Items from a dataset:
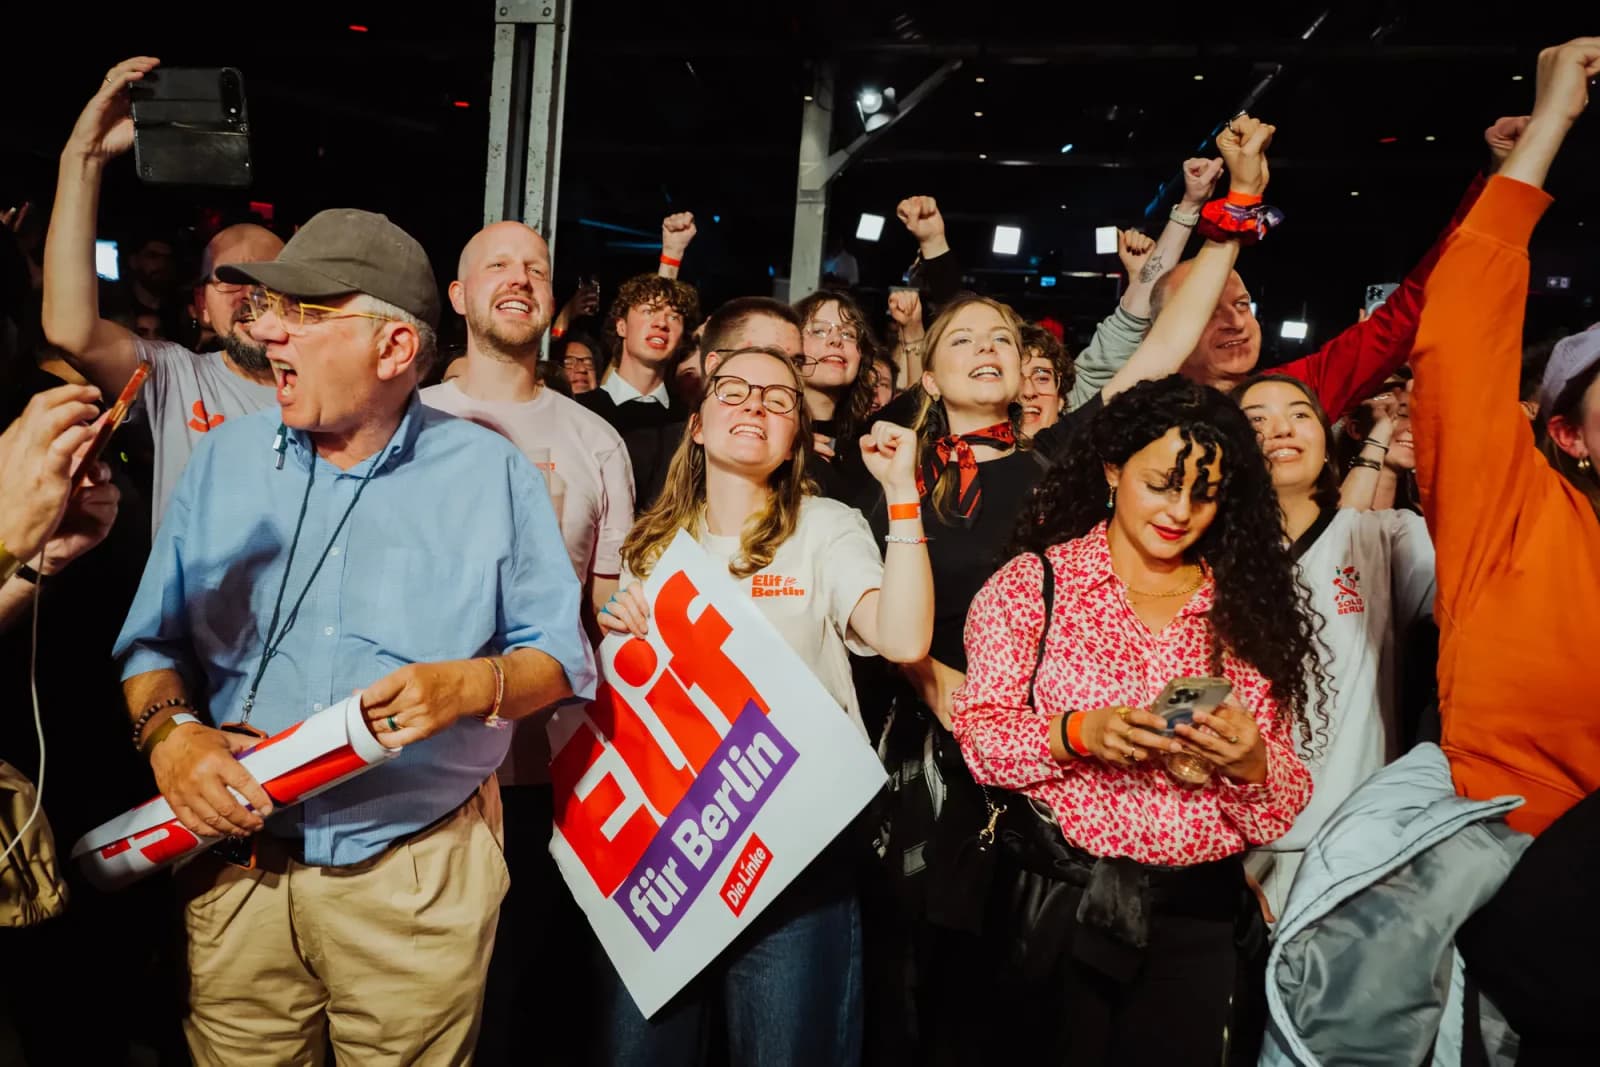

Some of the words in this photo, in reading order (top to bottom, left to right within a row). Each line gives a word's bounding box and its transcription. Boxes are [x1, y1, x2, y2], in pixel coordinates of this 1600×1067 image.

[751, 586, 805, 598] Berlin
[753, 574, 782, 586] Elif
[551, 569, 771, 900] Elif
[629, 856, 689, 934] für
[671, 732, 784, 871] Berlin
[726, 882, 746, 908] Die
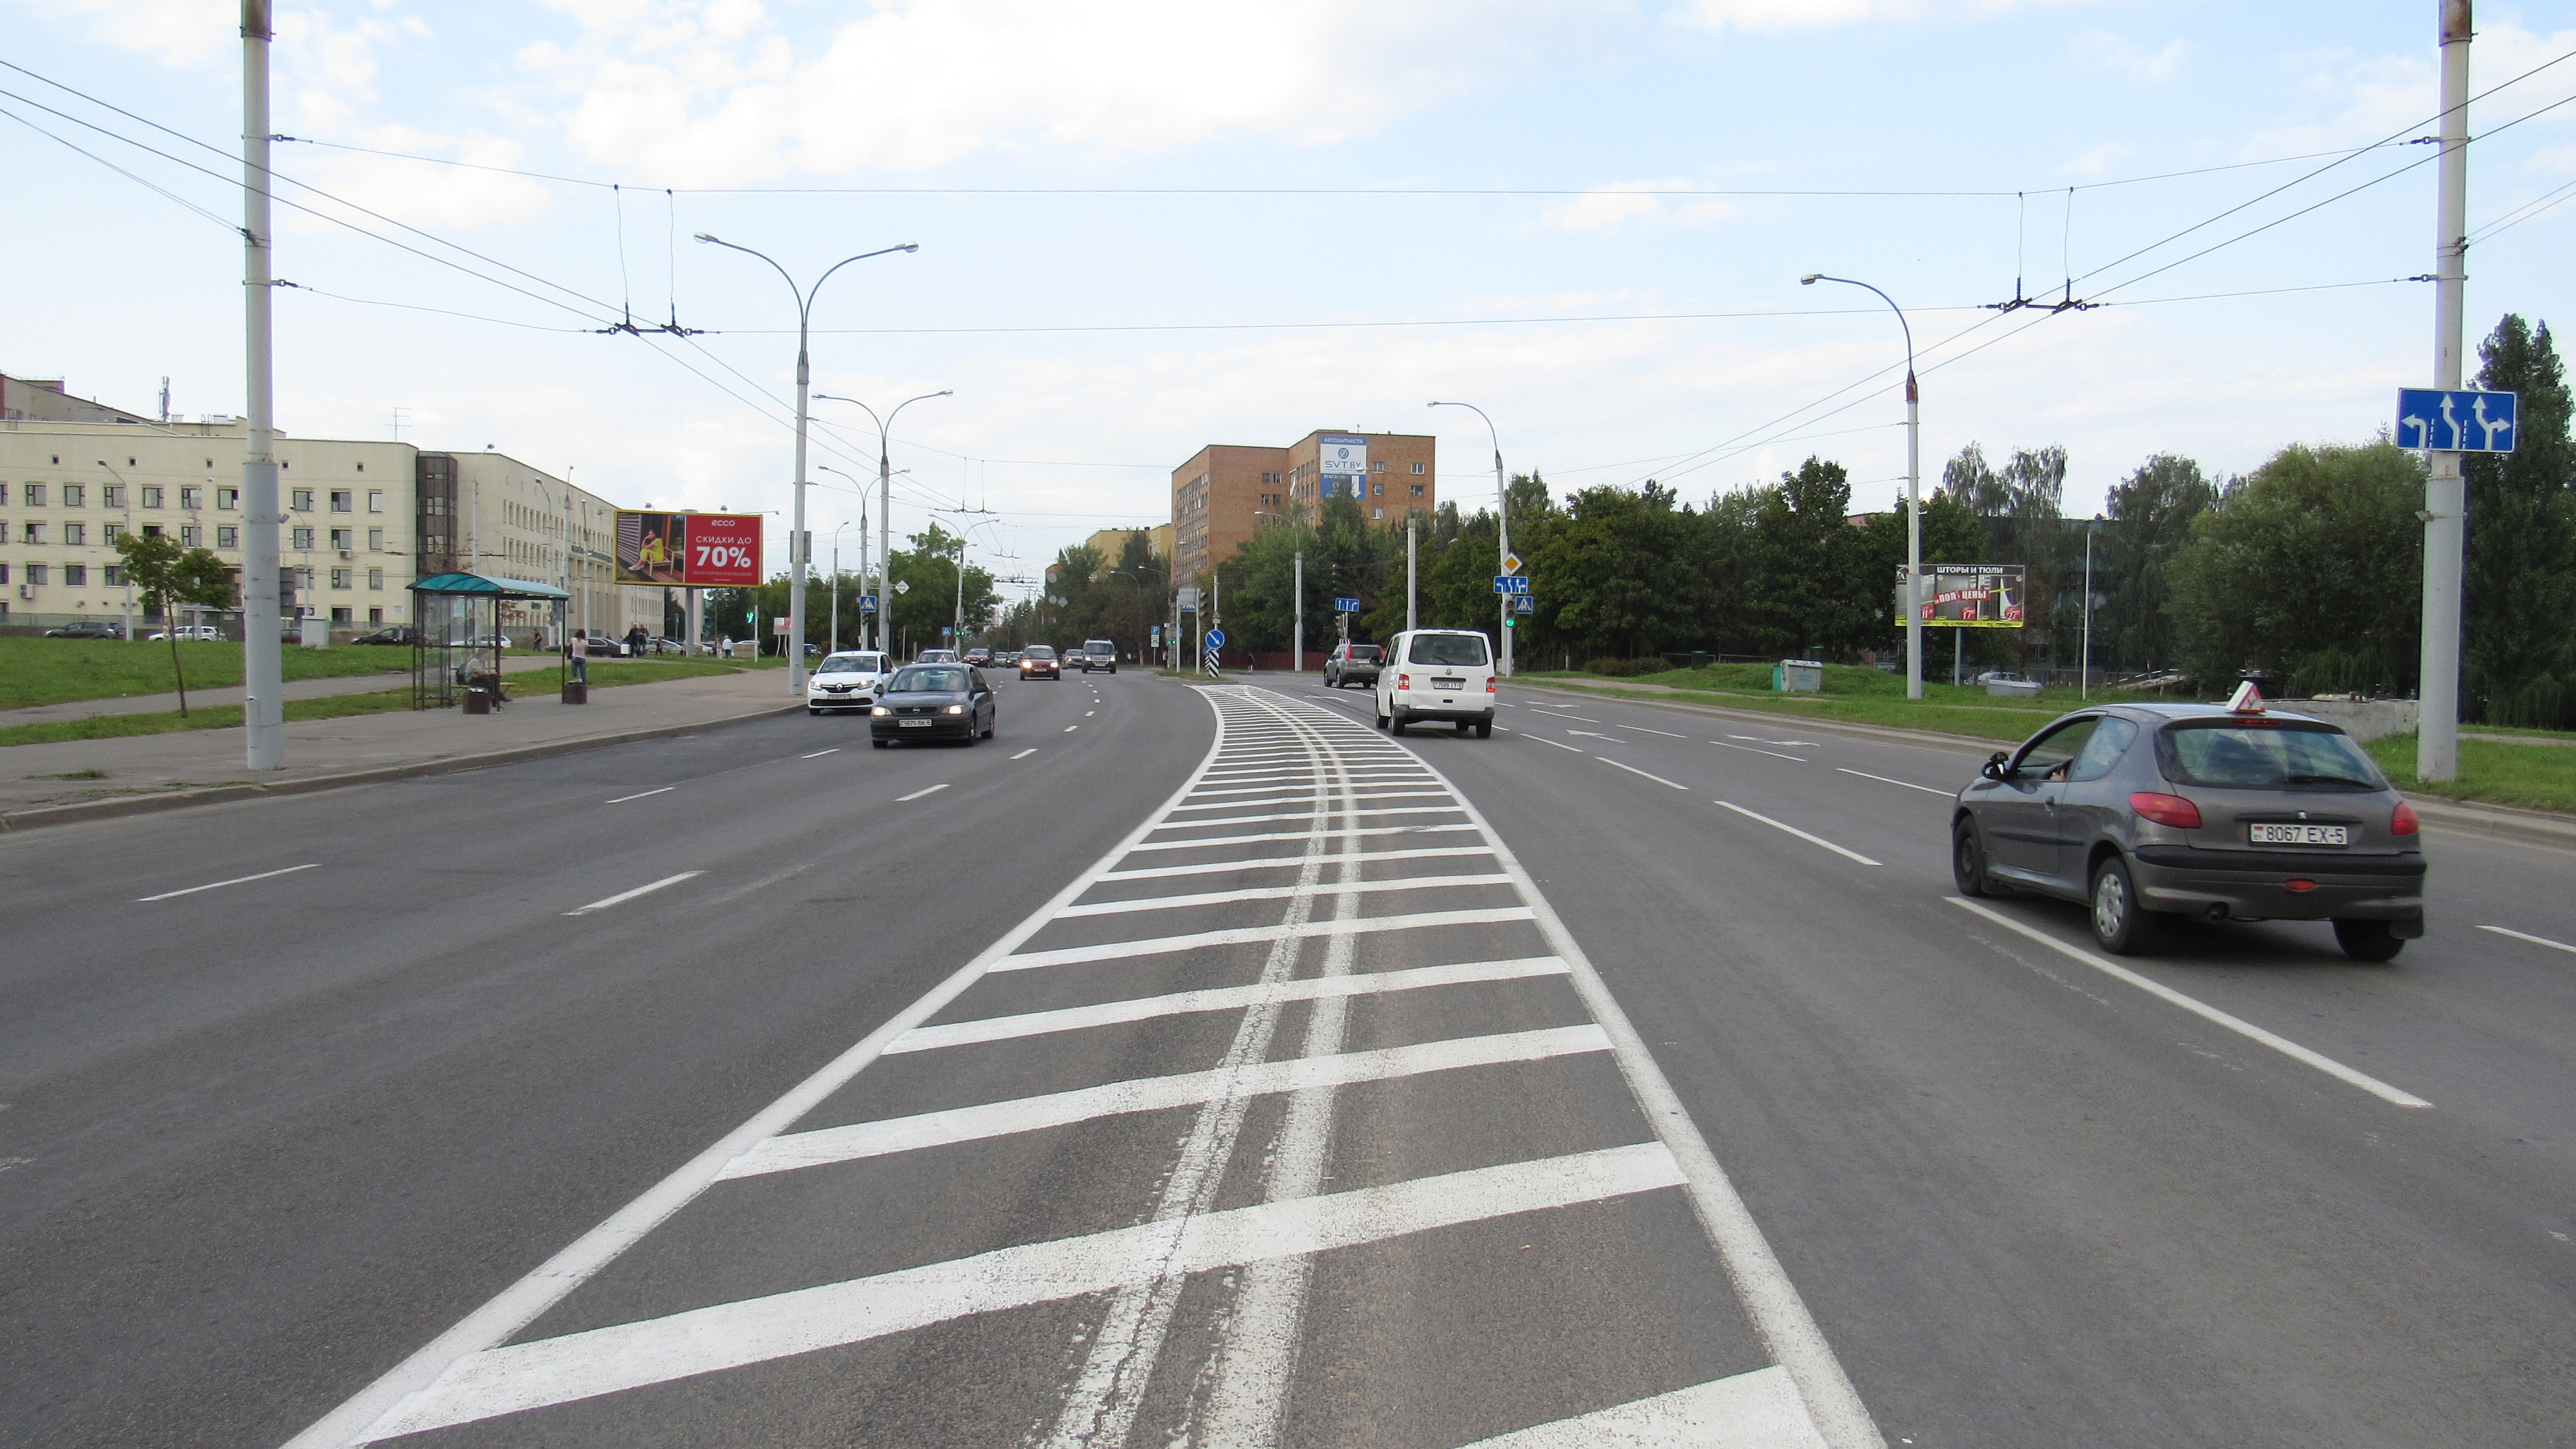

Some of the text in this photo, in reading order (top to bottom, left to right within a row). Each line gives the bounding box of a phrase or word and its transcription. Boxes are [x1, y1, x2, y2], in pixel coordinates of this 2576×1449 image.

[1325, 461, 1361, 469] SVT.BY
[696, 536, 733, 544] СКИДКИ
[697, 546, 751, 568] 70%
[1939, 592, 1957, 603] ПОЛ
[1962, 590, 1986, 600] ЦЕНЫ
[2266, 826, 2344, 843] 8067 EX-5
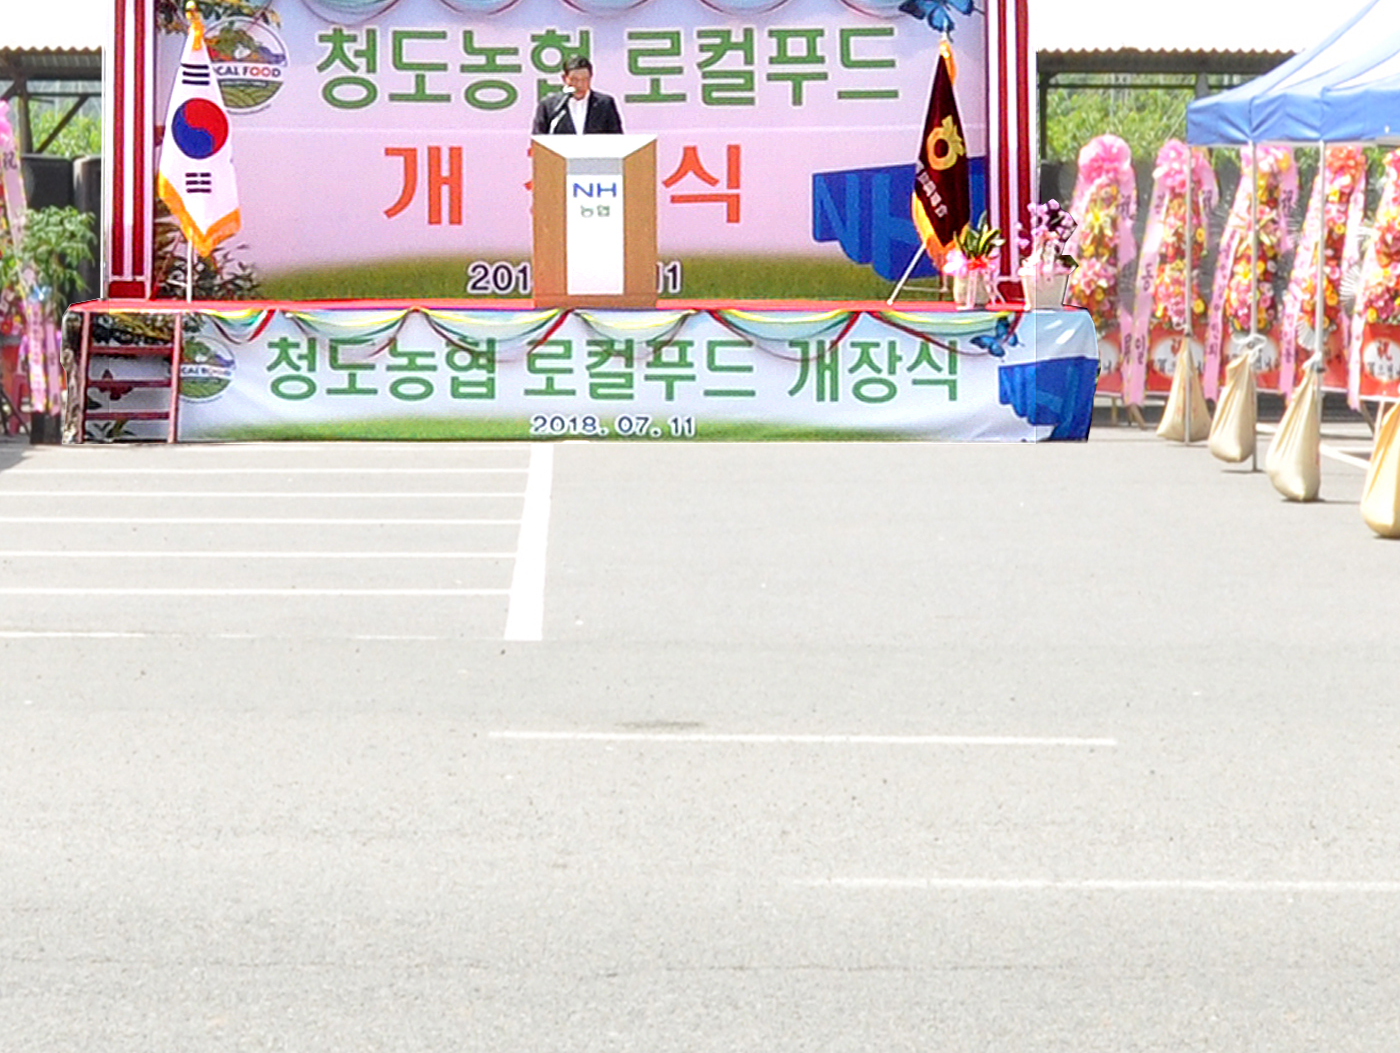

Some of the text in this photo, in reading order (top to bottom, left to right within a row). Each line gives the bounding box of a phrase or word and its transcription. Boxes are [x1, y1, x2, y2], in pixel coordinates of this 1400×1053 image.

[243, 66, 281, 78] FOOD
[624, 27, 899, 107] 로컬푸드
[573, 182, 617, 198] NH
[470, 263, 531, 292] 201
[266, 335, 959, 404] 청도농협 로컬푸드 개장식
[531, 415, 696, 436] 2018. 07. 11

(Instructions for the task):
What is needed is a word-for-word restatement of the lines from the one holding "this 2576×1449 image." to the final line of the data above, inclusive, without any pictures.

(Task result):
Some of the text in this photo, in reading order (top to bottom, left to right within a row). Each line gives the bounding box of a phrase or word and its transcription. Boxes are [x1, y1, x2, y2], in pixel coordinates of this 2576×1449 image.

[1325, 461, 1361, 469] SVT.BY
[696, 536, 733, 544] СКИДКИ
[697, 546, 751, 568] 70%
[1939, 592, 1957, 603] ПОЛ
[1962, 590, 1986, 600] ЦЕНЫ
[2266, 826, 2344, 843] 8067 EX-5

Some of the text in this photo, in reading order (top to bottom, left to right within a row). Each line gives the bounding box of a phrase or word and its transcription. Boxes are [x1, y1, x2, y2], in pixel coordinates of this 1400×1053 image.

[243, 66, 281, 78] FOOD
[624, 27, 899, 107] 로컬푸드
[573, 182, 617, 198] NH
[470, 263, 531, 292] 201
[266, 335, 959, 404] 청도농협 로컬푸드 개장식
[531, 415, 696, 436] 2018. 07. 11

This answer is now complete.